§ **Saved data entries**:
┏━━
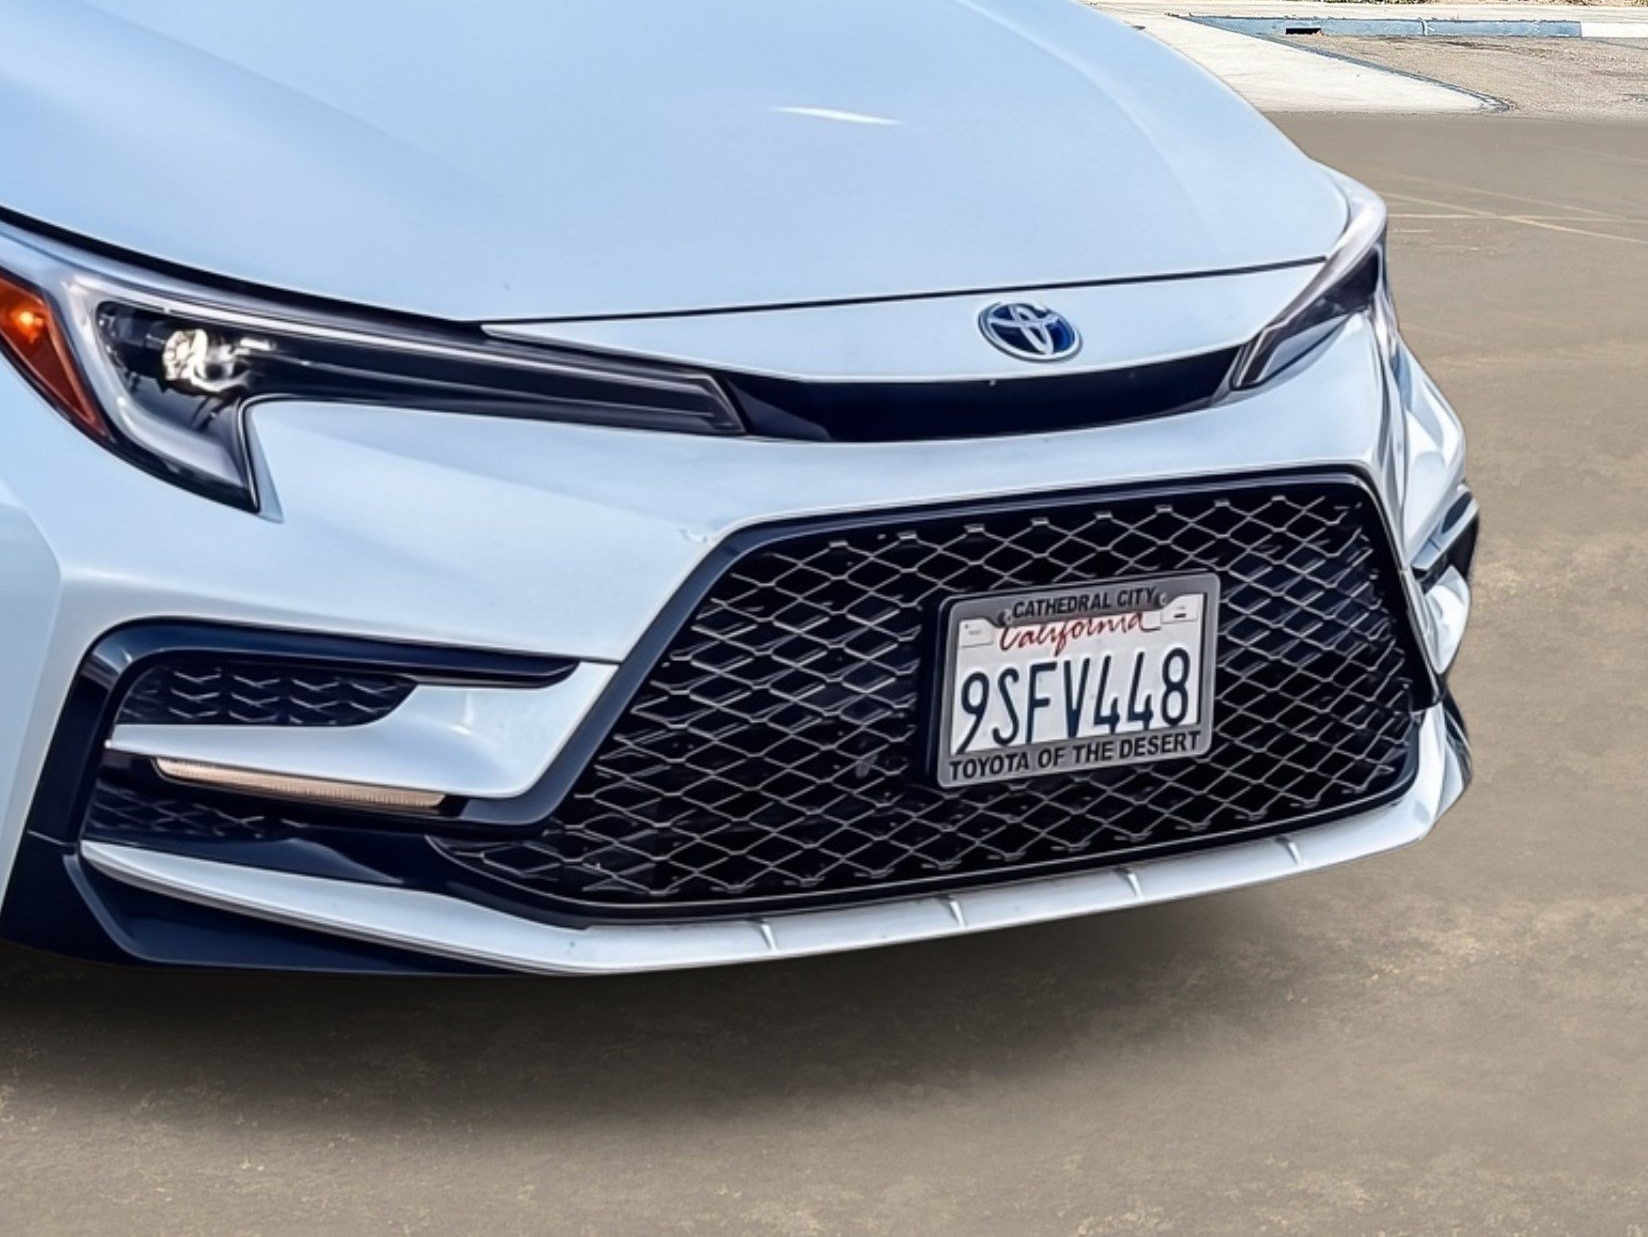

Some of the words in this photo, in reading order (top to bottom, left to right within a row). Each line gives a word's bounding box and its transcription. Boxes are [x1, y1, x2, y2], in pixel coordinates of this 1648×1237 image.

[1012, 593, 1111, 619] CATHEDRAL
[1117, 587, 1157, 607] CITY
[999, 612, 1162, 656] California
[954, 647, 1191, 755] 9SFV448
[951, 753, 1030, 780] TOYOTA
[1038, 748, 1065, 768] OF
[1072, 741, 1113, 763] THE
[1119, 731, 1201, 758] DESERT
┗━━
§ **ACTION ITEM**: Exactly as they stand, set down all of the entries above, minus every picture.

§ **PROBLEM SOLUTION**:
Some of the words in this photo, in reading order (top to bottom, left to right within a row). Each line gives a word's bounding box and its transcription. Boxes are [x1, y1, x2, y2], in pixel coordinates of this 1648×1237 image.

[1012, 593, 1111, 619] CATHEDRAL
[1117, 587, 1157, 607] CITY
[999, 612, 1162, 656] California
[954, 647, 1191, 755] 9SFV448
[951, 753, 1030, 780] TOYOTA
[1038, 748, 1065, 768] OF
[1072, 741, 1113, 763] THE
[1119, 731, 1201, 758] DESERT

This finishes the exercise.